Part of the problem is that operations are often introduced before there’s good quality evidence of their effectiveness in the real world. The studies comparing them to non-operative treatment or placebo often come much later – if at all.

Surgical procedures should not be introduced or funded until there’s high quality evidence showing their effectiveness, and it should be unethical to introduce a new technique without studying its effectiveness. Instead, the opposite is argued: that high quality comparative studies (placebo controlled trials) are unethical.

Often, procedures that surgeons consider to be obviously effective are later shown to be ineffective. In the US in the 1980s, a new procedure that removed some lung tissue was touted for emphysema.

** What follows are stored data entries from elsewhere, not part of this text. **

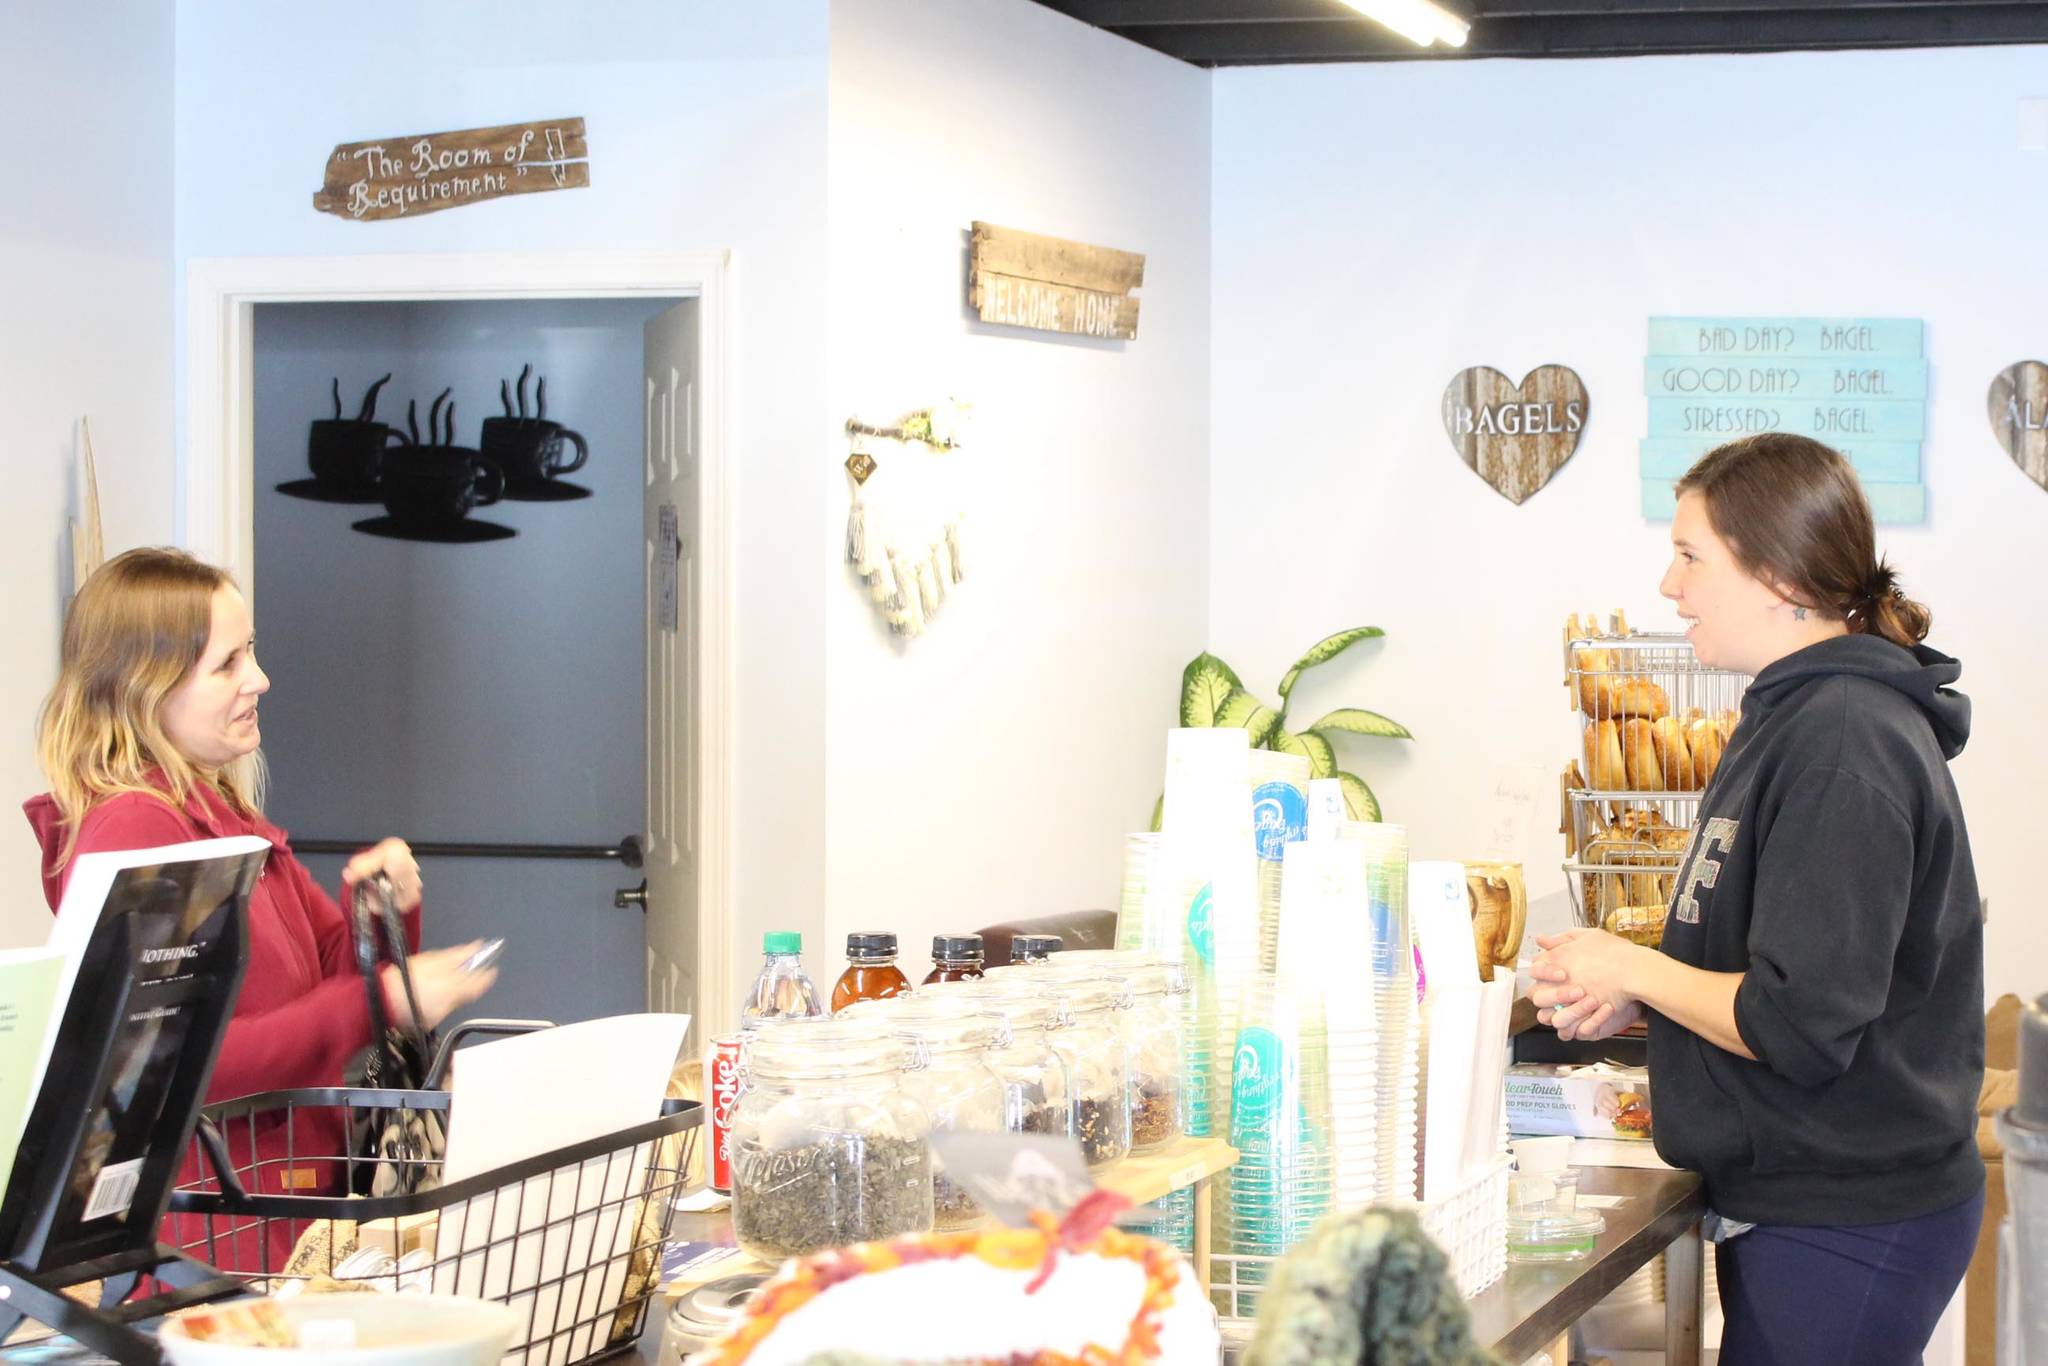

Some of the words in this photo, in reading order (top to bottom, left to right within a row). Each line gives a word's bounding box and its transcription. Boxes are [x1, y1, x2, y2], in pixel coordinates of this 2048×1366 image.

[410, 138, 492, 178] Room
[503, 129, 535, 162] of
[984, 275, 1061, 331] WELCOME
[1073, 291, 1120, 338] HOME
[1698, 327, 1737, 353] BAD
[1743, 327, 1795, 352] DAY?
[1662, 367, 1742, 393] GOOD
[1749, 368, 1800, 394] DAY?
[1455, 402, 1582, 435] BAGELS
[1682, 407, 1781, 433] STRESSED?
[714, 1059, 737, 1129] Coke
[1505, 1081, 1564, 1096] learTouch
[1516, 1100, 1534, 1109] PREP
[1534, 1101, 1551, 1110] POLY
[1551, 1102, 1577, 1111] GLOVES

Animal studies and (non-comparative) results on humans were encouraging. So the procedure became commonplace. A comparative trial was called for but proponents argued that this would deprive many people of the benefits of the procedure, the effectiveness of which was obvious.

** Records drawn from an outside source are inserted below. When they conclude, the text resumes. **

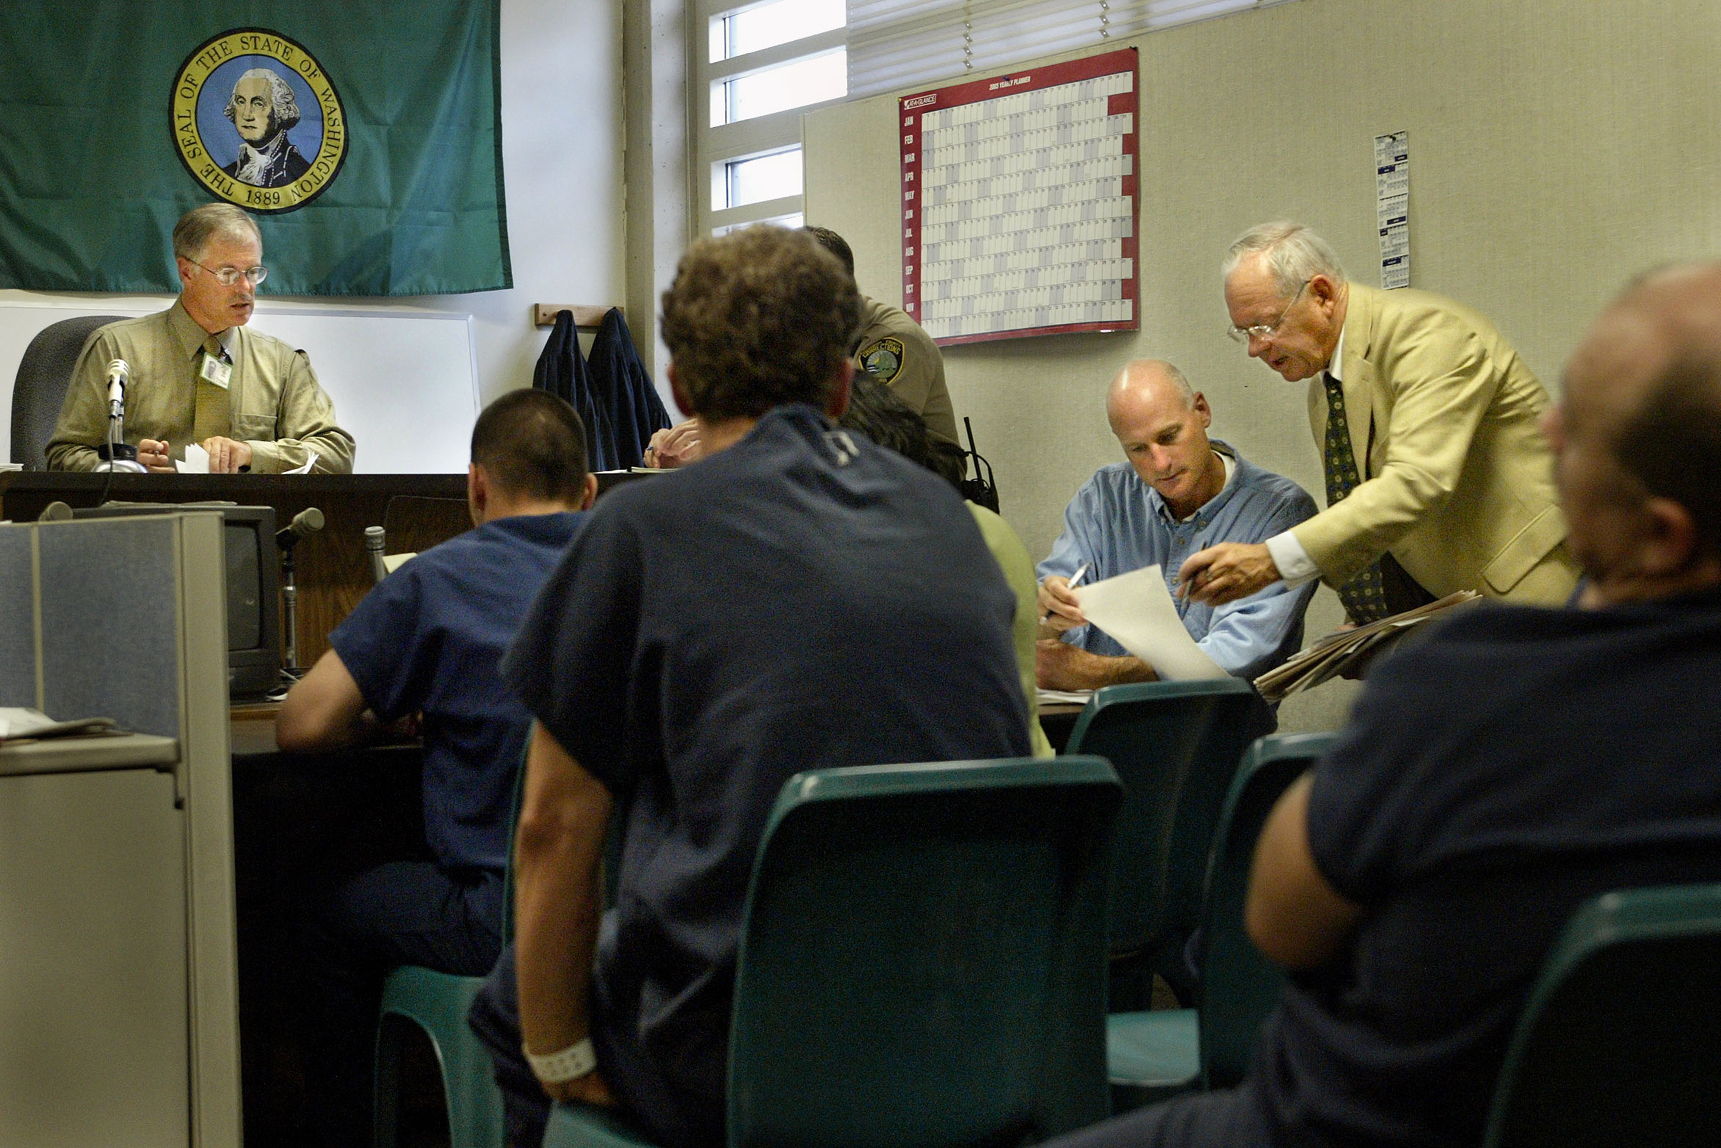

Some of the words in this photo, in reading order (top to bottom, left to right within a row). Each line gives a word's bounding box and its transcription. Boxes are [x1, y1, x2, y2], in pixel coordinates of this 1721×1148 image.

[196, 41, 233, 71] THE
[240, 36, 293, 61] STATE
[300, 59, 321, 79] OF
[180, 73, 198, 98] OF
[178, 109, 202, 159] SEAL
[291, 88, 341, 202] WASHINGTON
[200, 164, 235, 196] THE
[246, 190, 281, 205] 1889

Medicare in the US decided only to fund the surgery if patients participated in a trial comparing it to non-surgical treatment. The trial was done and the surgery was found wanting. This cost Medicare some money, but much less than paying for the procedure for decades until someone else studied it. This type of solution should be considered in Australia – only introduce new procedures if they are being evaluated as part of a trial.

The current practice of surgery is not based on quality science. If you got a physicist from NASA to look at the quality of science supporting current surgical practice they would faint. But it is getting better. It is getting better because of advancements in our understanding, because of the spread of evidence based medicine (in teaching and in journal requirements, for example), and because surgeons are understanding science better. The trials are getting better, but the incorporation of the results of those trials into practice is slow and often meets resistance because of suspicions that stem from a lack of understanding of science and the biases that drive current practice.

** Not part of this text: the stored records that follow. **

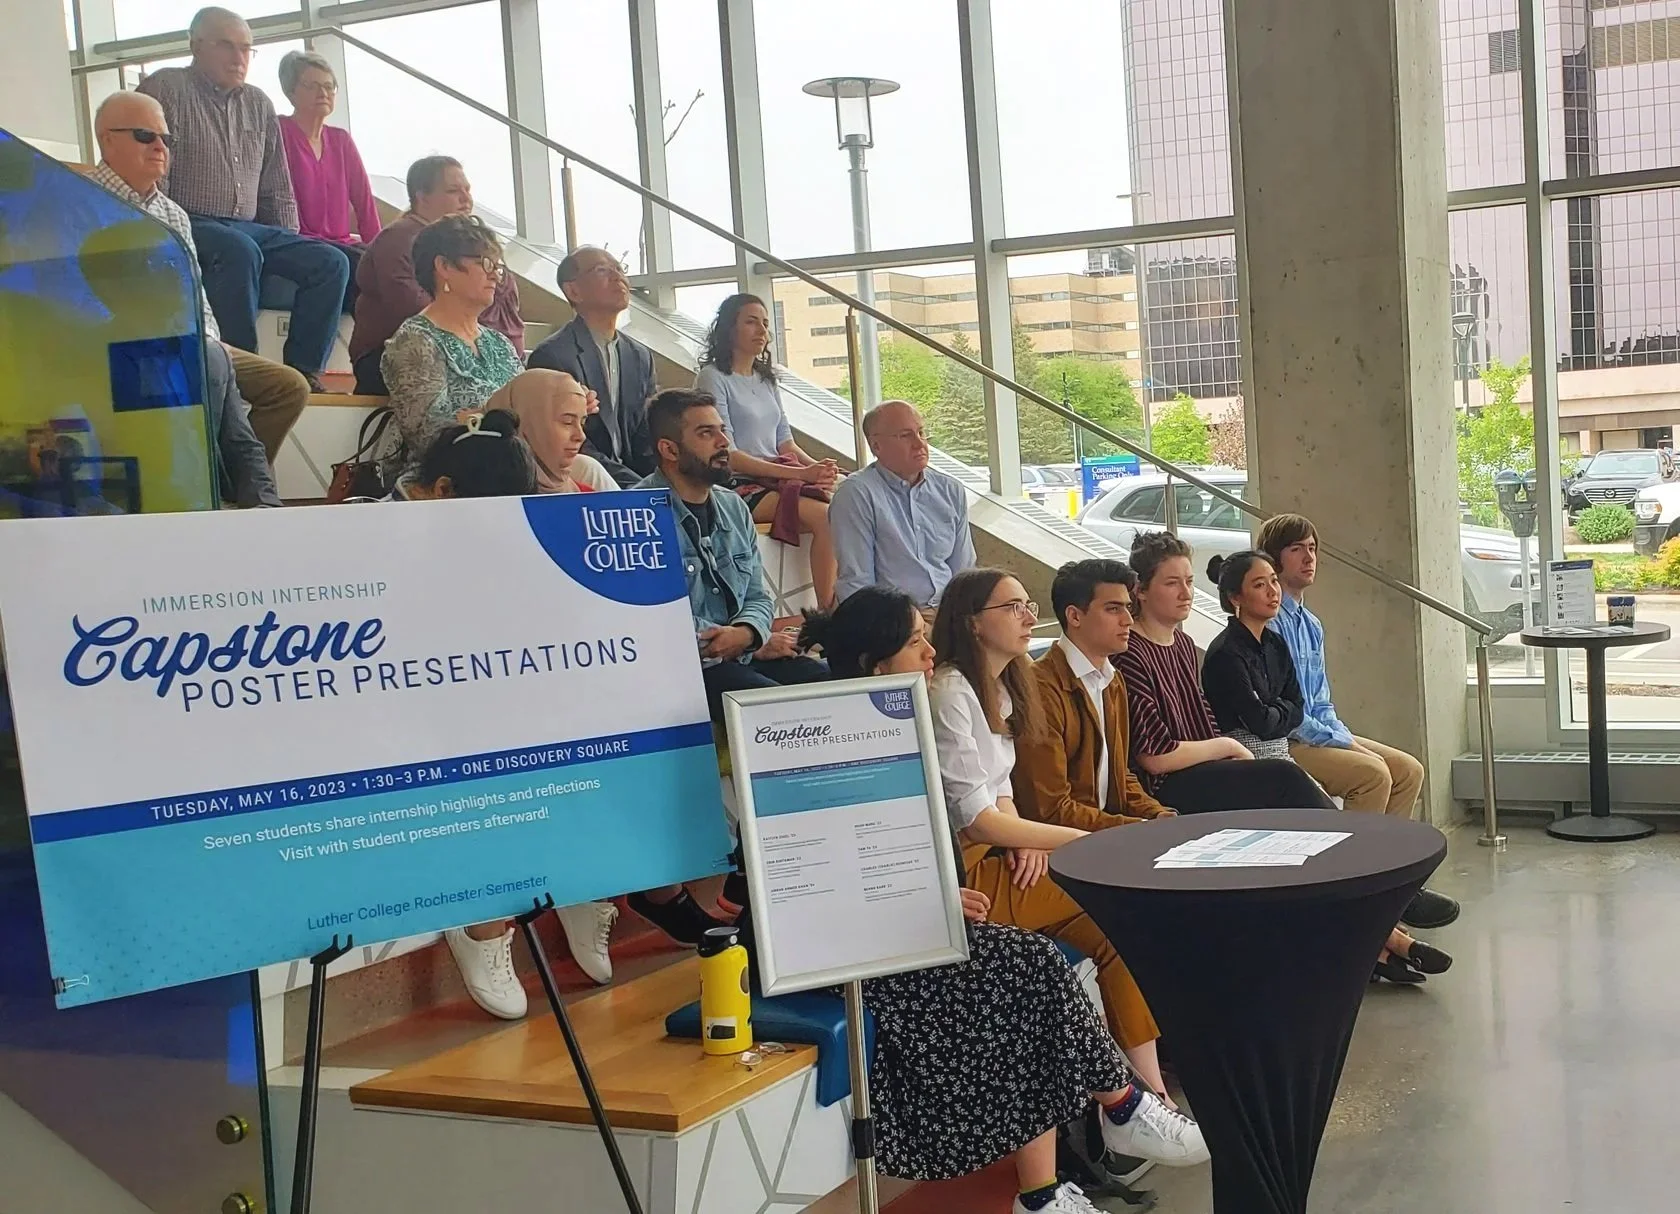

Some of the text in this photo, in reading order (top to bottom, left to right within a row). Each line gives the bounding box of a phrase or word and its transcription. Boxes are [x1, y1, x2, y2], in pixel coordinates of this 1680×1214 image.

[1092, 466, 1126, 474] Consultant
[582, 507, 661, 540] LUTHER
[584, 541, 667, 573] COLLEGE
[142, 581, 388, 614] IMMERSION INTERNSHIP
[63, 610, 386, 698] Capstone
[181, 636, 637, 713] POSTER PRESENTATIONS
[884, 691, 909, 703] LUTHER
[884, 700, 911, 712] COLLEGE
[755, 723, 832, 747] Capstone
[780, 727, 902, 751] POSTER PRESENTATIONS
[150, 797, 233, 820] TUESDAY,
[238, 790, 273, 807] MAY
[280, 787, 304, 801] 16,
[308, 780, 347, 798] 2023
[418, 766, 448, 781] P.M.
[462, 759, 492, 775] ONE
[495, 747, 573, 770] DISCOVERY
[577, 739, 630, 758] SQUARE
[203, 778, 601, 850] Seven students share internship highlights and reflections
[279, 806, 550, 862] Visit with student presenters afterward!
[307, 875, 548, 930] Luther College Rochester Semester

Billions are spent worldwide on surgical procedures that may not be effective because in many areas of surgery we still rely on surgical opinions based on biased observations and tradition. It is time for surgery to be a real science and to rely on the kind of evidence on which other scientific endeavours rely; the kind of evidence that we demand of other medical specialties and of non-medical practitioners. It’s not too hard. It’s not unethical. It’s right, and it’s time.

References

[1] Wartolowska K, Judge A, Hopewell S, Collins GS, Dean BJF, Rombach I, et al. Use of placebo controls in the evaluation of surgery: systematic review. BMJ. 2014;348:3253.

[2] Lim HC, Adie S, Naylor JM, Harris IA. Randomised trial support for orthopaedic surgical procedures. PLoS One. 2014;9(6):96745.